=== Material for this exercise ===
==*==

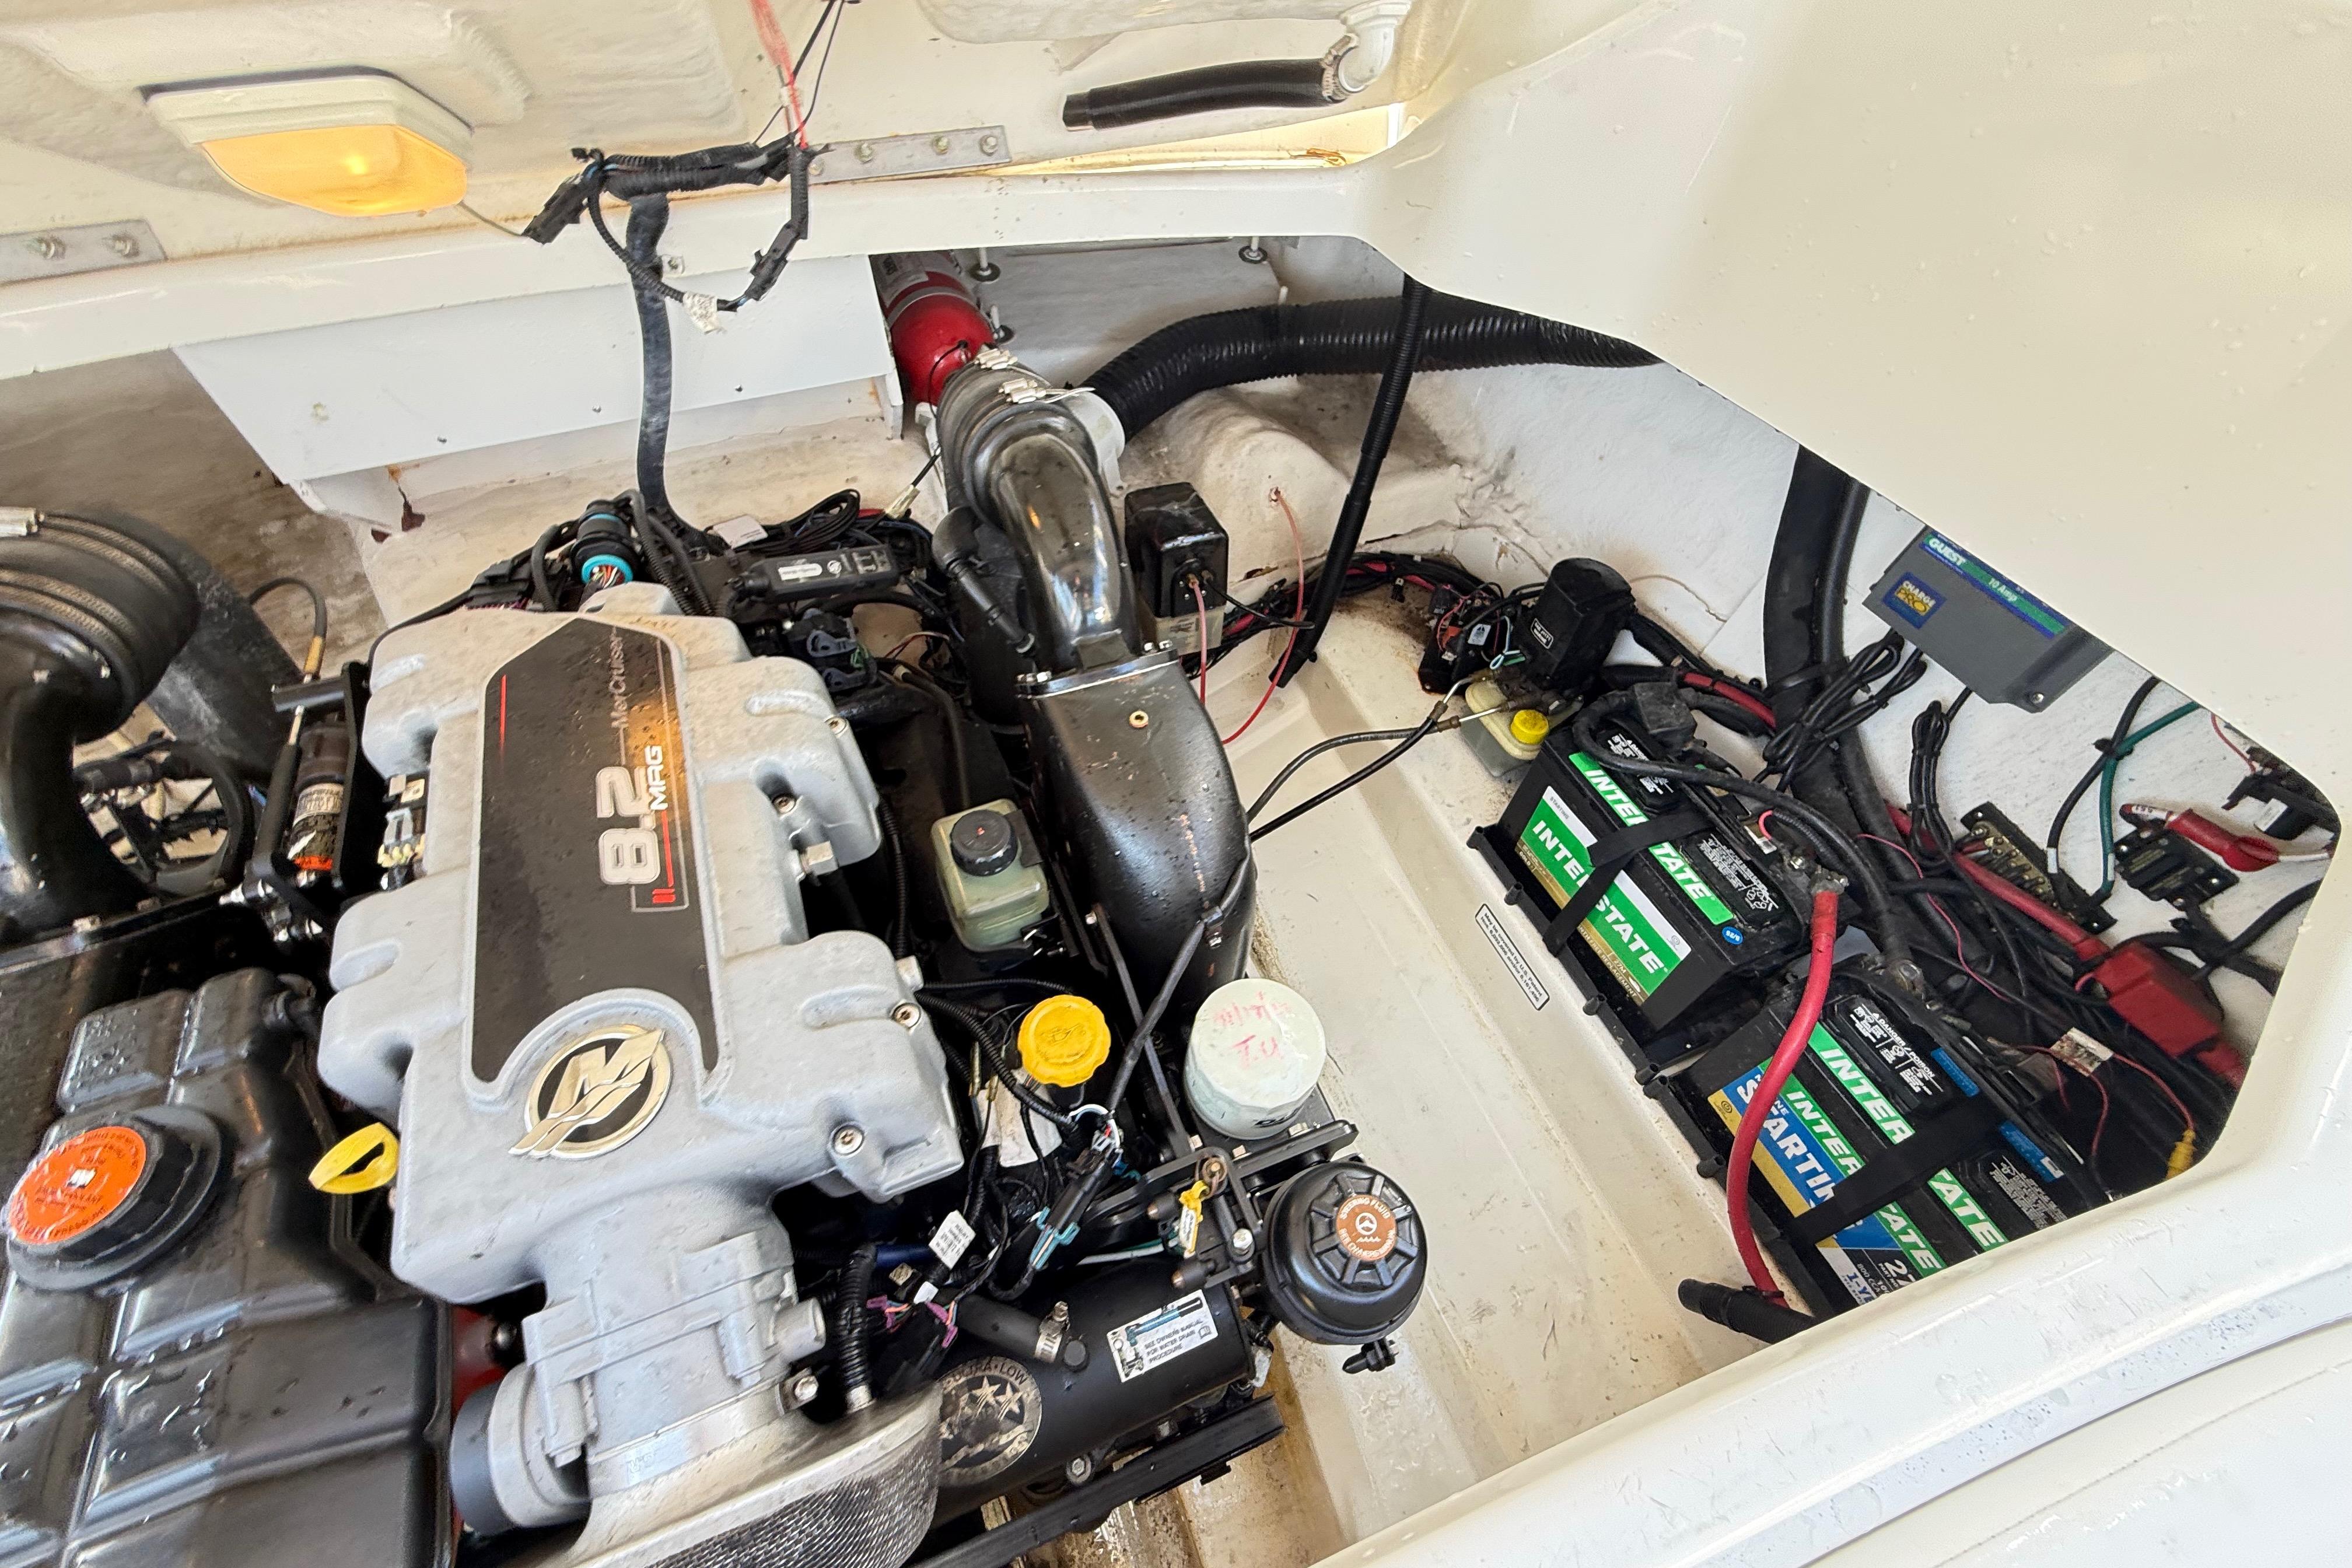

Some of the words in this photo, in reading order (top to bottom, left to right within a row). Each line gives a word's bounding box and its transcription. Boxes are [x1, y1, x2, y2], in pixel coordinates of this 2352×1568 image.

[1927, 537, 1966, 566] GUEST
[1896, 588, 1929, 613] PRO
[1902, 579, 1936, 607] CHARGE
[1988, 578, 1999, 589] 10
[1996, 584, 2018, 603] Amp
[608, 634, 629, 727] MerCruiser
[645, 745, 668, 810] MAG
[1550, 796, 1569, 819] STARTING
[595, 766, 660, 884] 8.2
[1497, 933, 1514, 956] covered
[1514, 956, 1520, 964] by
[1528, 977, 1542, 996] Patent
[1601, 954, 1637, 998] REPLACEMENT
[1878, 1019, 1906, 1046] DANGER
[1909, 1051, 1935, 1077] POISON
[1370, 1199, 1390, 1219] FLUID
[1856, 1263, 1870, 1278] 800
[1159, 1338, 1177, 1350] WATER
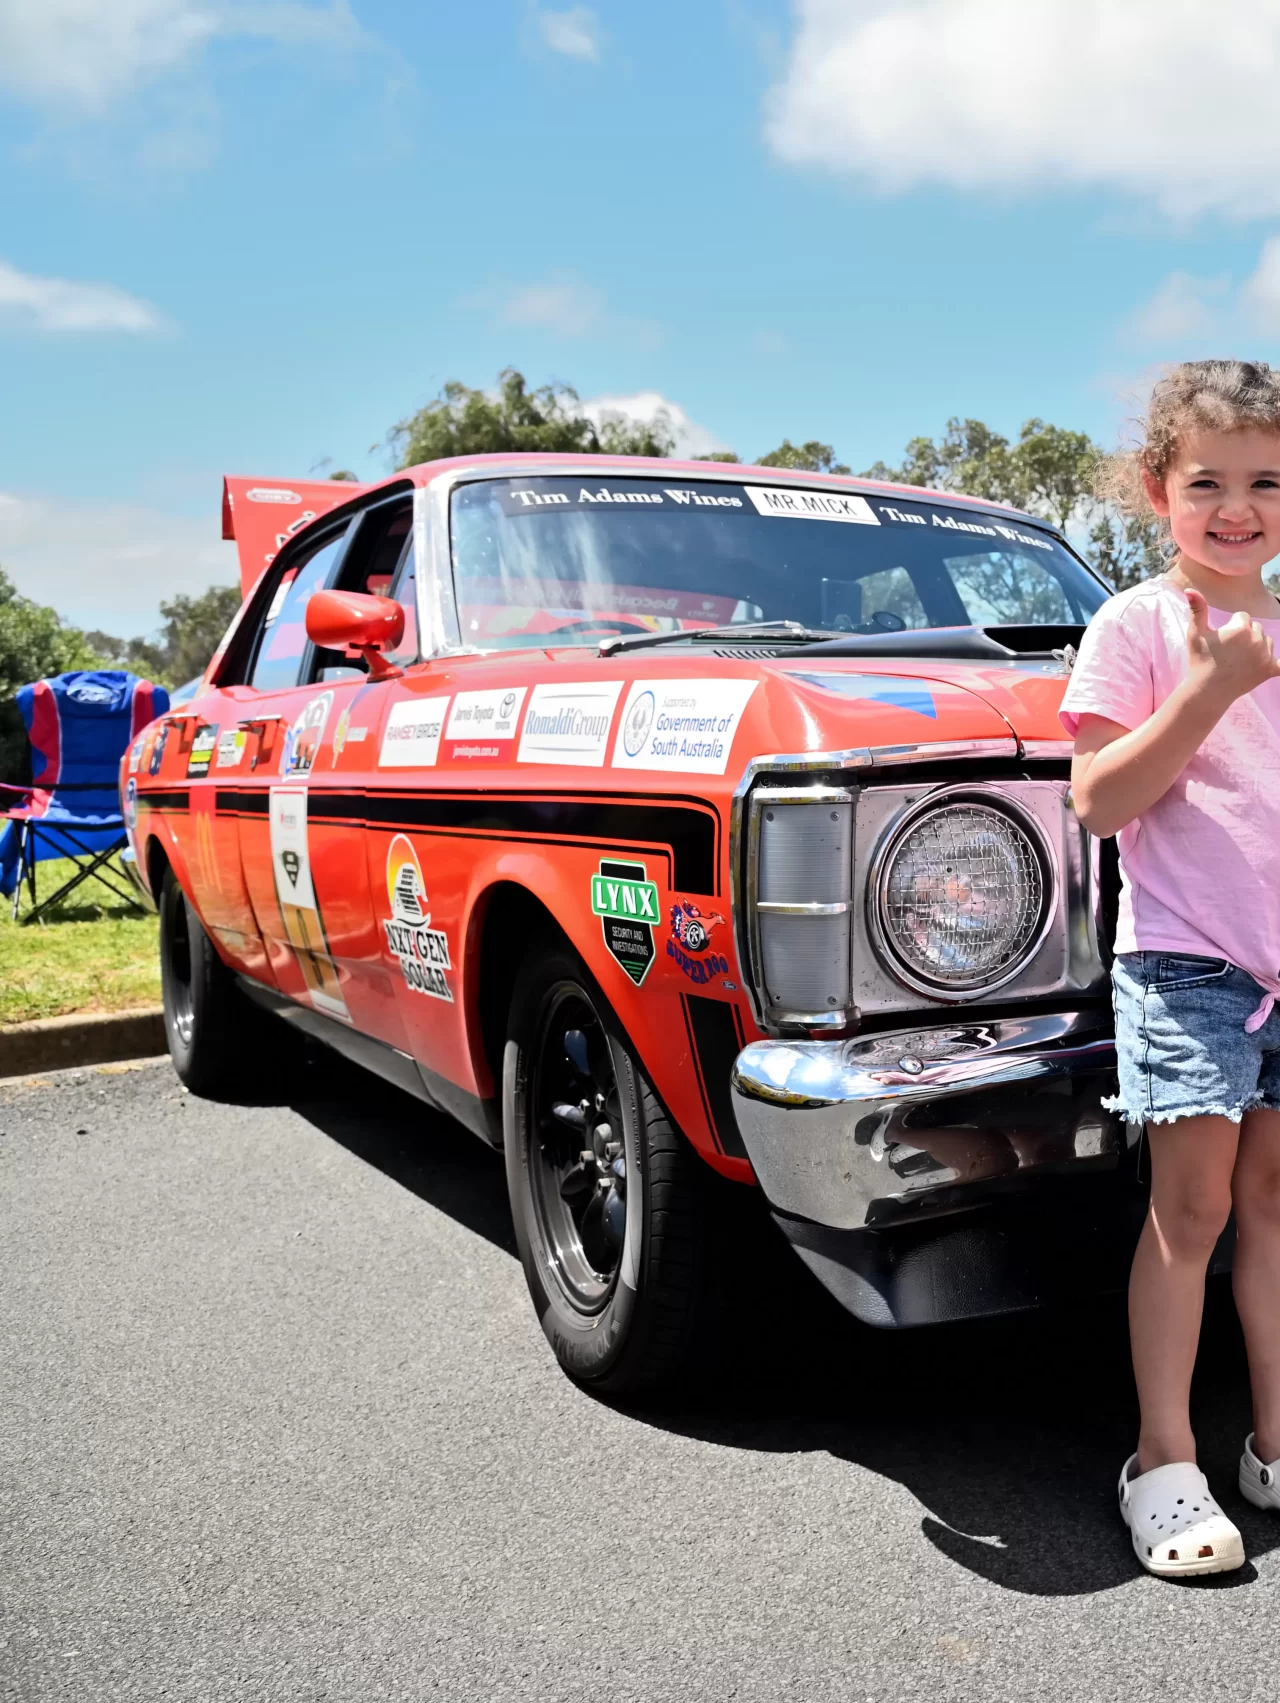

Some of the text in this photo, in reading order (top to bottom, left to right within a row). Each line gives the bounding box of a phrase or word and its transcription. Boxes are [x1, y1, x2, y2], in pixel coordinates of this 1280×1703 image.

==*==

Give back the whole listing exactly as written. Do not include any picture.

Some of the words in this photo, in reading order (top to bottom, left to right within a row). Each line gives a word's bounding box and its transcription. Boxes are [x1, y1, x2, y2], in pixel coordinates of this 2352×1568 image.

[1927, 537, 1966, 566] GUEST
[1896, 588, 1929, 613] PRO
[1902, 579, 1936, 607] CHARGE
[1988, 578, 1999, 589] 10
[1996, 584, 2018, 603] Amp
[608, 634, 629, 727] MerCruiser
[645, 745, 668, 810] MAG
[1550, 796, 1569, 819] STARTING
[595, 766, 660, 884] 8.2
[1497, 933, 1514, 956] covered
[1514, 956, 1520, 964] by
[1528, 977, 1542, 996] Patent
[1601, 954, 1637, 998] REPLACEMENT
[1878, 1019, 1906, 1046] DANGER
[1909, 1051, 1935, 1077] POISON
[1370, 1199, 1390, 1219] FLUID
[1856, 1263, 1870, 1278] 800
[1159, 1338, 1177, 1350] WATER

Some of the text in this photo, in reading order (top to bottom, left to right within a row). Each line gives the bounding box of a phrase or word and its transcription. Boxes are [x1, y1, x2, y2], in pixel coordinates of this 1280×1703 image.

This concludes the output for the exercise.